Rejection of Negative Bases; Bug or Deliberate Design?

I just switched some code over from tgmath.h to SwiftNumerics.

When doing so, I was surprised by a cascade of test failures that could all be traced back to pow(Self, Self)’s outright rejection of all negative bases:

XCTAssertEqual(pow(-3.0, 2.0), 9) // Failure: .nan

But looking at the source code, I cannot really tell if it is an accident or a deliberate design decision, because (1) the rejection is explicit and (2) there is a separate function for integral exponents. The source looks like this:

@_transparent public static func pow(_ x: Float, _ y: Float) -> Float {
  guard x >= 0 else { return .nan } // [1]
  return libm_powf(x, y)
}

@_transparent public static func pow(_ x: Float, _ n: Int) -> Float { // [2]
  // [...]
}

I worked around it on the client side by wrapping it like this:

@inlinable public static func ↑ (base: Self, exponent: Self) -> Self {
  if base >= 0 {  // SwiftNumerics refuses to do negatives.
    return Self.pow(base, exponent)
  } else if let integer = Int(exactly: exponent) {
    return Self.pow(base, integer)
  } else {
    // Allow SwiftNumerics to decide on the error:
    return Self.pow(base, exponent)
  }
}

So now I’m basically asking if a pull request to change it to the following would be welcome, or if it is intentionally not supposed to work that way for some reason:

@_transparent public static func pow(_ x: Float, _ y: Float) -> Float {
  guard x >= 0 else {
    guard let integer = Int(exactly: y) { return .nan }
    return pow(x, integer)
  }
  return libm_powf(x, y)
}

@scanon

Deliberate. This is as proposed in SE-0246. There's some notes here.

2 Likes

Interesting. Seems reasonable.


Since my wrapper needs to successfully handle everything the C function had in the past, this comment of yours scared me:

What is pow(-243, 0.2) ?

I had written the workaround based on the guard and the API and had neglected to put my math hat on. Your comment made me realize even the workaround didn’t actually handle everything in the mathematical definition. Not knowing knowing exactly what the semantics of the C function were, I was suddenly worried I’d broken more things without realizing it.

So for anyone else who stumbles across this and also wonders what other differences might be hiding in wait, I found this in the C documentation of pow:

For finite values of x < 0, and finite non‐integer values of y, a domain error shall occur and either a NaN (if representable), or an implementation‐defined value shall be returned.

That means that things like pow(-243, 0.2) never worked before—which I also verified with an experiment. So the above wrapper should be sufficient.

But I won’t be held liable if you stake your life on it. I was too lazy to thoroughly think through the entire long list of corner cases.

2 Likes

In C, pow operates on double, so 0.2 is not exactly representable, so this isn't an issue.

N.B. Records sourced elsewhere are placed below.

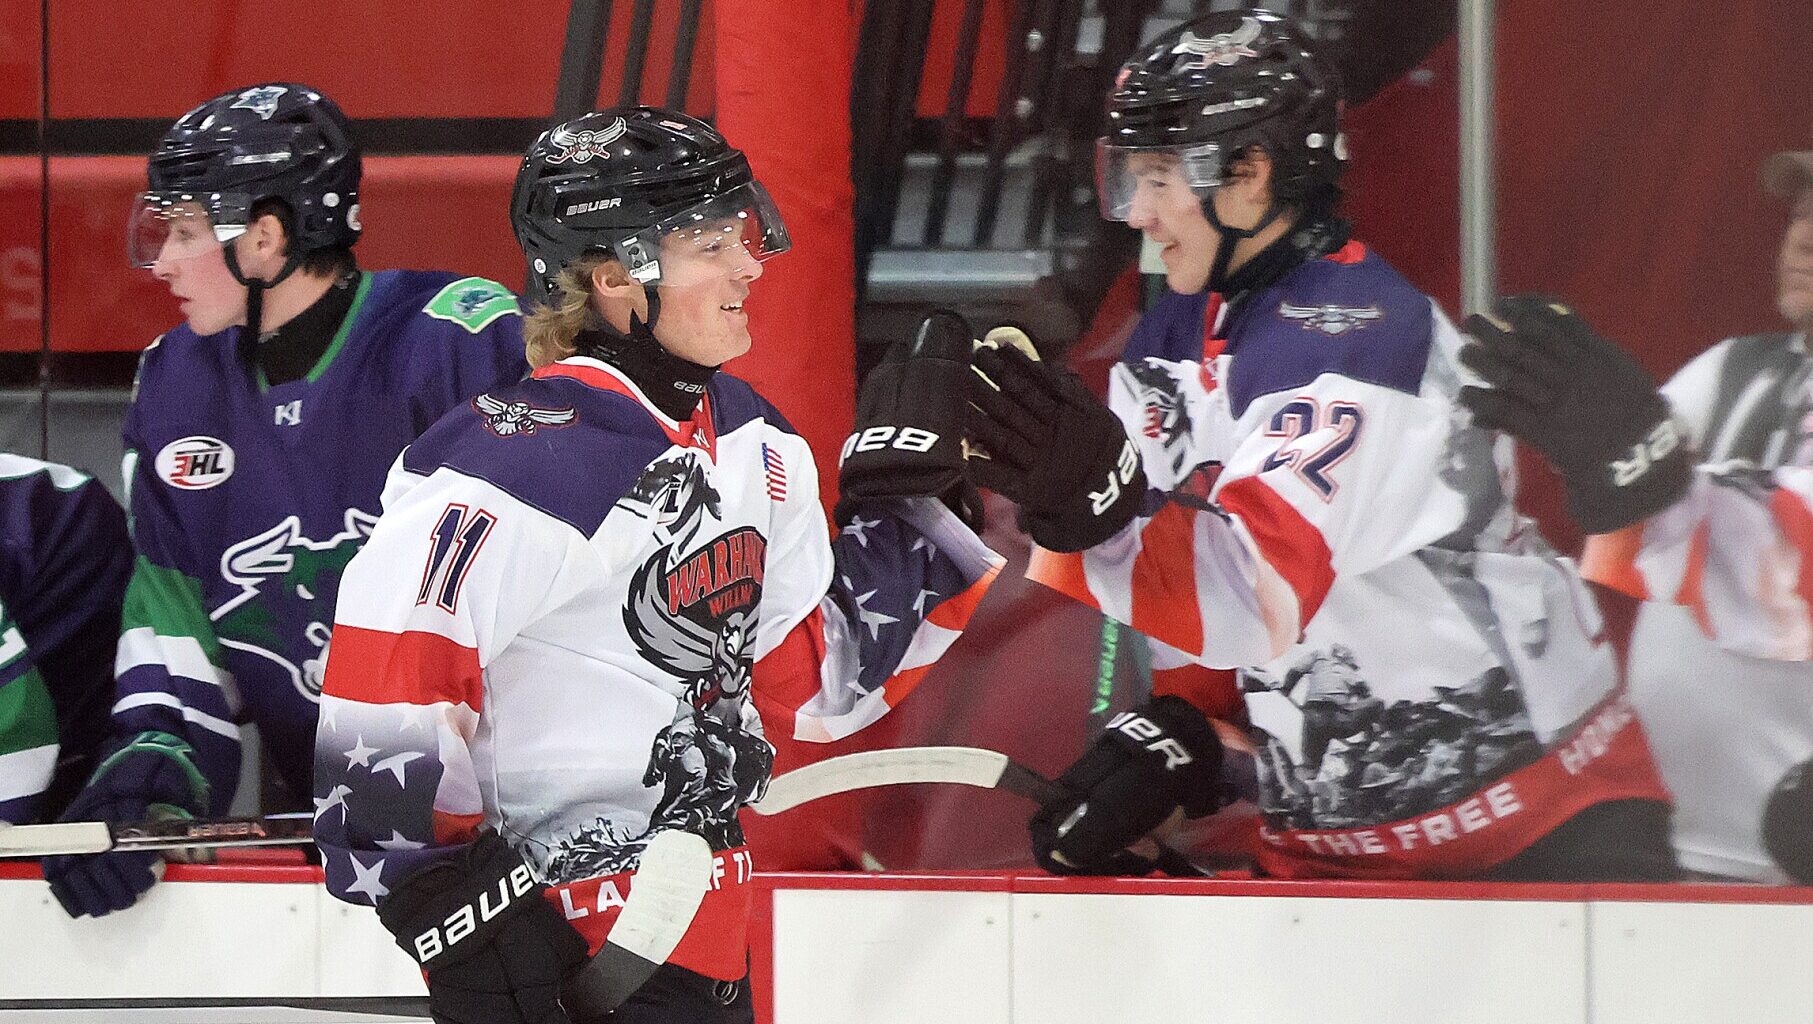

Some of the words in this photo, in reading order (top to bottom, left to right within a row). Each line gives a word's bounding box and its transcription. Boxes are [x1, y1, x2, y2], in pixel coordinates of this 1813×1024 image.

[565, 197, 622, 216] BAUER
[1256, 396, 1365, 505] 22
[415, 503, 498, 616] 11
[1296, 830, 1388, 856] THE
[1391, 782, 1524, 850] FREE
[414, 861, 538, 963] BAUE
[560, 878, 634, 920] LA

In languages that allow generics and overloading, we need to consider decimal types, where 0.2 will be exactly representable =)

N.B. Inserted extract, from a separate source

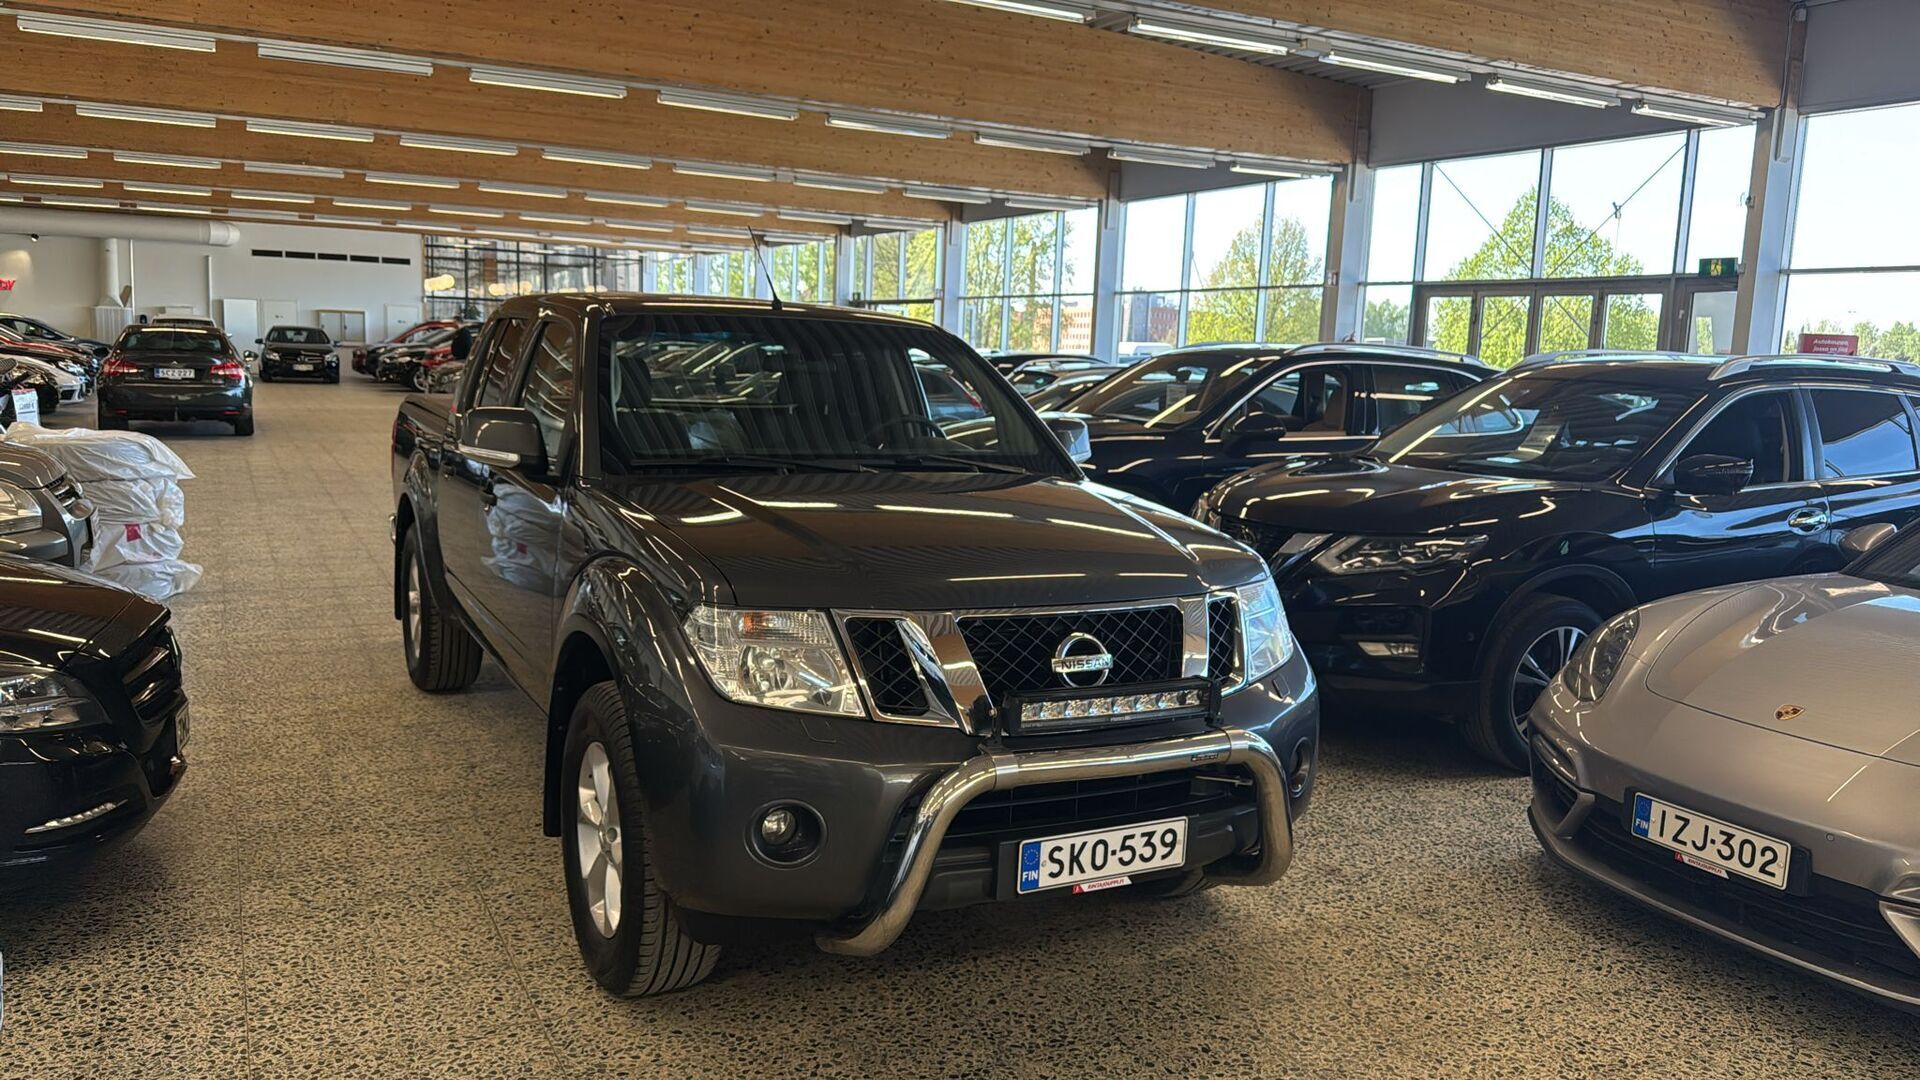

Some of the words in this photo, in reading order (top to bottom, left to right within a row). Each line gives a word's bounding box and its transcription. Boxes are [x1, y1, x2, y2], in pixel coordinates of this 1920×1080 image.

So your comment applies to every single x < 0 and y ∉ Z argument pair, not just the ones from the example, right?

My (very rusty, somewhat hesitant) reasoning was this: Every non‐integral, rational number that is exactly representable in base 2 will have a denominator that is a power of 2. Placed in the exponent position, such a number represents a power‐of‐2th root. Since powers of 2 are necessarily even, the degree of the root must be even, and thus it can never operate on a negative radicand without leaving leaving the territory of real numbers. That means no such argument pair exits for x < 0 and y ∉ Z where the arguments and return value are all exactly representable in base 2.

1 Like

Right, which is why this is a problem that really only comes up when you’re designing with consideration for radix-10 types.